Specify type of identites in pattern bindings


#1

This would be [pre-rfc], but at present I have no idea how to correctly write an RFC, so instead I’ll just start a discussion

At present in rust, it is not possible to specify the type expected as the result of a pattern binding. This means we can’t take advantage of things like dynamic dispatch in match branches (I see dynamic dispatch of pattern bindings as the main feature of this).

The actual code that caused me to want to start a discussion of this, is as follows

match self {
    &Logogram::UniMonoGram(ref a) | &Logogram::DiLogogram(ref a) => f.fmt(a),
    &Logogram::DuoMonoGram(ref a, ref b) => write!(f, "({}{})", a, b),
}

both a under UniMonoGram which has type MonoLogogram and a under DiLogogram which has type DiLogogram implement std::fmt::Display, but there is no way for me to instruct Rust to do dynamic dispatch here at present. In fact, it is not possible to specify the type of the two a’s at all (unless I am mistaken)

I’d propose allowing the usage of a where clause on pattern bindings, allowing you do something like this

match self {
    &Logogram::UniMonoGram(ref a) where a: &Display | &Logogram::DiLogogram(ref a) where a: &Display => f.fmt(a),
    &Logogram::DuoMonoGram(ref a, ref b) => write!(f, "({}{})", a, b),
}

another more minimal example of this is at present you cannot specify the types of the integers in a sequence like

let (x, y) = (12, 42);

obviously in this case this is not a problem, because you can just specify the type on the literals, but I digress

let (x, y) where x: i32, y: i32 = (12, 42);

As a note based on what myself and @durka discussed on IRC, this may seem to have some conflict with the fact you can do let ref x: i32 = 12; but not let ref x: Display = 12;. I’m no expert on how ref is implemented, but I’d suggest that using where clause on pattern bindings should run after all bindings (including ref) are complete, so the aforementioned would look like let ref x where x: &Display = 12


#2

let (x, y): (u8, u16) = (8, 16); is valid rust, so I’m not sure that your minimal example is representative of the problem.


#3

ah. let (ref x, ref y): (&u8, &u16) = (8, 16) is not though, which would be let (ref x, ref y) where x: &u8, y: &u16 = (8, 16)


#4

I proposed something similar to this as part of the type ascription RFC. It was removed because we didn’t think it was high enough priority to work on immediately. I would like to see it added to the language eventually. RFC issue.


#5

So the reason that’s not valid Rust is that this is valid Rust:

let (ref x, ref y): (u8, u8) = (0, 1);

The ref isn’t part of the type of the pattern, its more like something that’s applied to the binding that’s created out of the pattern (similar, really to mut).
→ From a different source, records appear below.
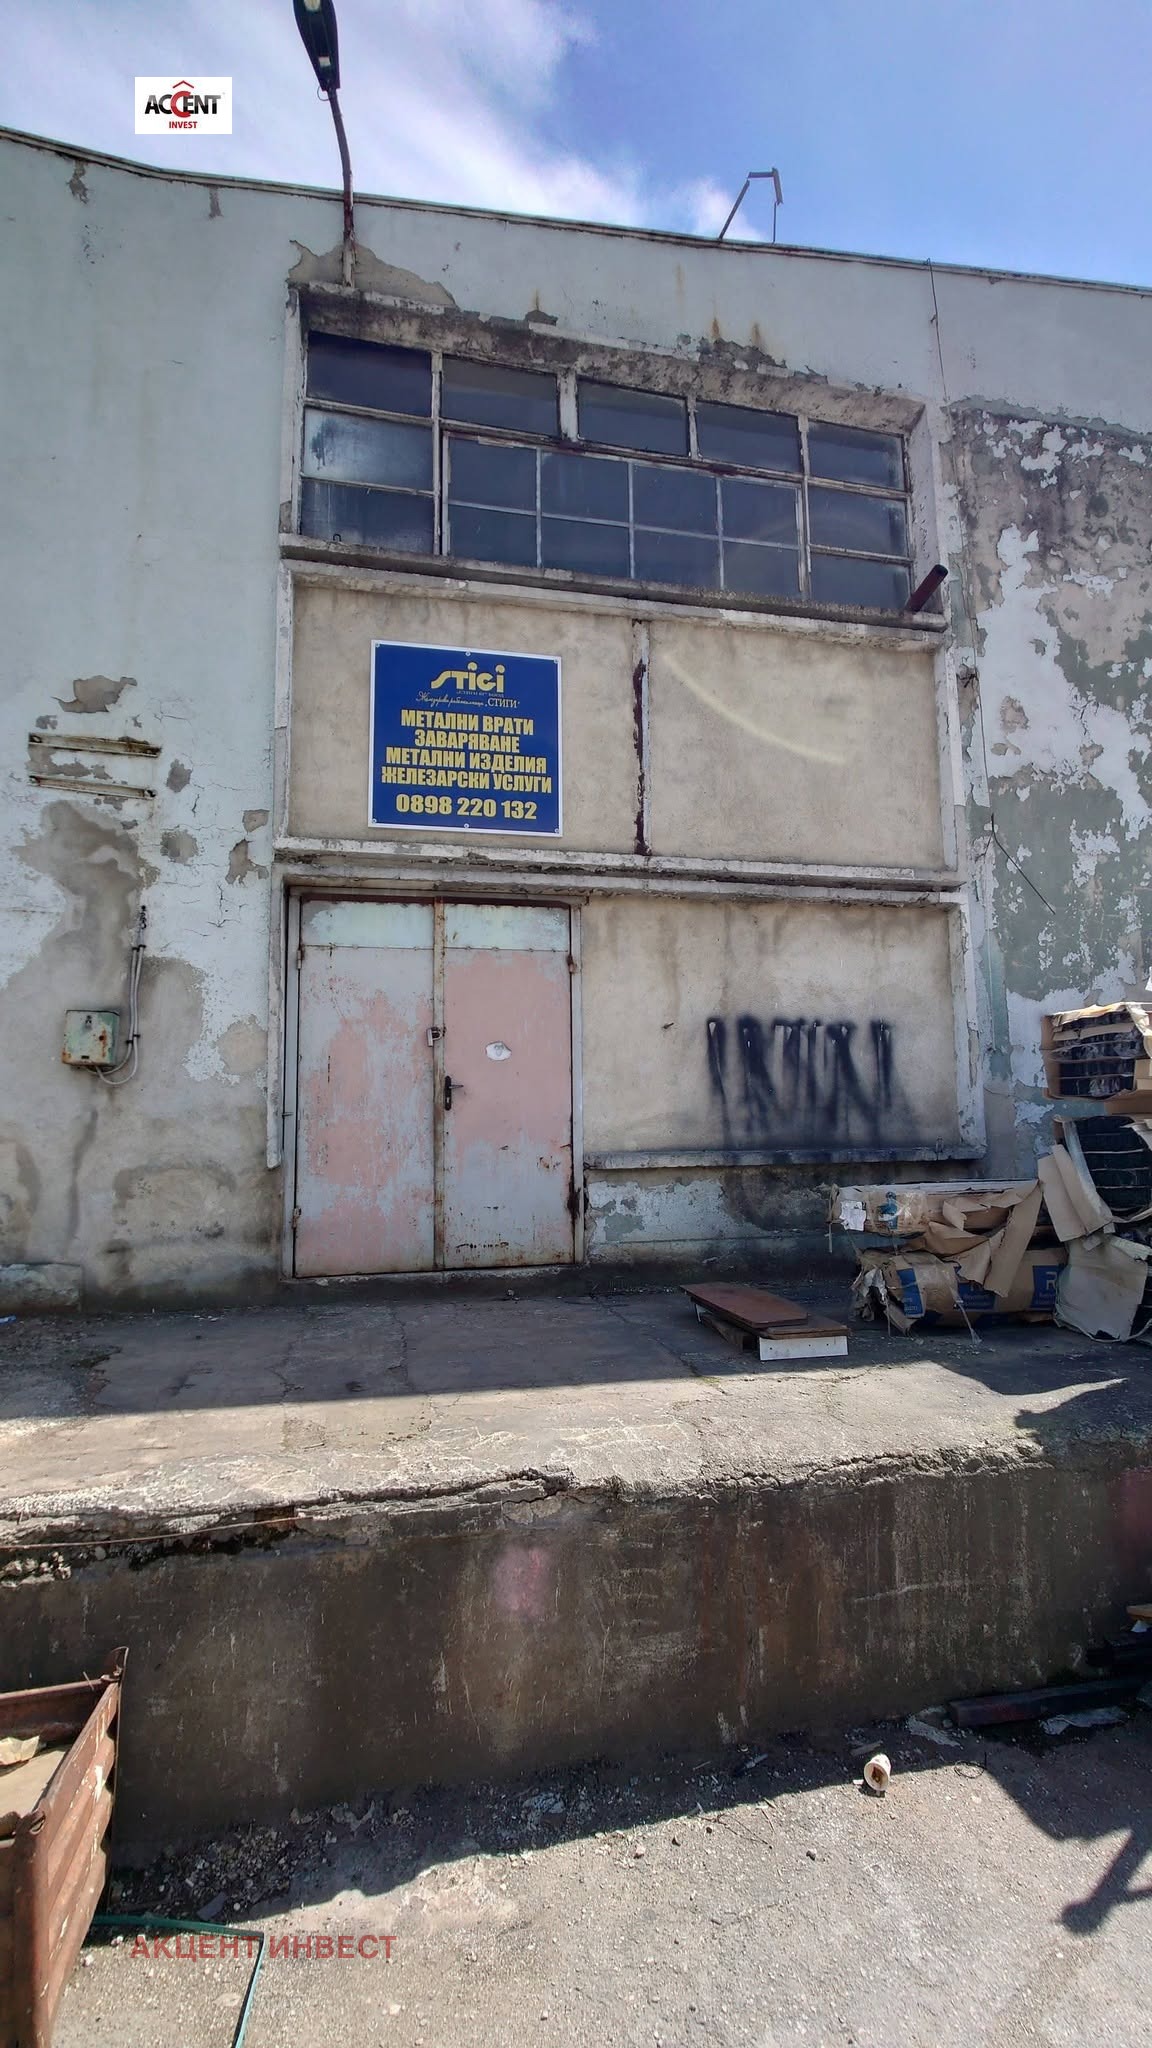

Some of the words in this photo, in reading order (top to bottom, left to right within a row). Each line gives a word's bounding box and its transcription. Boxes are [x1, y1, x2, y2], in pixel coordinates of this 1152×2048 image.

[401, 709, 479, 732] МЕТАЛНИ
[482, 715, 534, 736] ВРАТИ
[414, 729, 520, 753] ЗАВАРЯВАНЕ
[386, 746, 466, 769] МЕТАЛНИ
[469, 752, 547, 774] ИЗДЕЛИЯ
[381, 766, 490, 790] ЖЕЛЕЗАРСКИ
[493, 773, 552, 794] УСЛУГИ
[395, 793, 453, 814] 0898
[456, 797, 497, 818] 220
[500, 801, 538, 820] 132
It seems like what you want is to be able to ‘cast’ the binding more than specify it. ref could be thought of an operator that casts the binding to a reference; you want to be able to cast it to, if not any type, at least to a trait object.

I would see a syntax like this making sense for that purpose.

let x as &Display = &0;
let ref x as &Display = 0;

These are the same as let x = &0 as &Display, but obviously in a match this becomes tricker to do.

This feature makes sense to me, not sure if there are any caveats I don’t see other than general complexity concerns.